Wild type p53 is targeted by CEACAM1 to facilitate melanoma cell proliferation

CEACAM1 is a multifunctional protein, which is associated with melanoma progression and poor prognosis. We have previously demonstrated that CEACAM1 serves as an immune evasion mechanism and facilitates cell cycle and proliferation of melanoma cells. Here we describe the downstream signaling leading to enhanced proliferation.

Co-immunoprecipitation showed strong interactions between CEACAM1, SHP-1 and RAP1 in melanoma cells. Point mutations in CEACAM1 phosphorylation sites not only abrogated the enhanced proliferation but also abolished the interactions with SHP-1 and RAP1.Knockdown of SHP-1 or RAP1A inhibited CEACAM1-mediated proliferation. Conversely, CEACAM1 overexpression increased the active fraction of RAP1 as demonstrated by pull-down assays, and an inhibitor of activated RAP1A hindered proliferation in CEACAM1-positive cells. Thus, CEACAM1 recruits RAP1 to its cytoplasmic tail, leading to its activation and increased proliferation.
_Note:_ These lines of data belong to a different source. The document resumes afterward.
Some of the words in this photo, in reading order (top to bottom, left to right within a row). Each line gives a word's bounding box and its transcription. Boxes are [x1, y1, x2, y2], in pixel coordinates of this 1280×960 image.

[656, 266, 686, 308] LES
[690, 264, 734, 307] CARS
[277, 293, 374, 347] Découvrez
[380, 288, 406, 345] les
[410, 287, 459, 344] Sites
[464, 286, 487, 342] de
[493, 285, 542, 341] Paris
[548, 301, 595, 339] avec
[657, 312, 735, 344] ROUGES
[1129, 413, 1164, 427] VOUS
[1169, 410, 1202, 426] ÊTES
Comparative microarray analysis showed significant alteration in p53 and RAP1 signaling pathways following CEACAM1 overexpression. Expression of p53 effectors such as p21 was suppressed by CEACAM1 in a SHP1 dependent manner, confirmed by concomitant knockdown of SHP-1. Binding of p53 to pulled-down active RAP1A was confirmed by immunoblotting. Importantly, inhibition of RAP1A enhanced p53 phosphorylation and expression of p21. Studies in various melanoma lines showed that the effects of RAP1A and CEACAM1 depend on the presence of wild type p53.

In conclusion, as opposed to other cancers, p53 is infrequently mutated in melanoma. Our results show that wild type p53 is targeted by the commonly expressed CEACAM1, which sheds new light on the role of p53 in melanoma biology.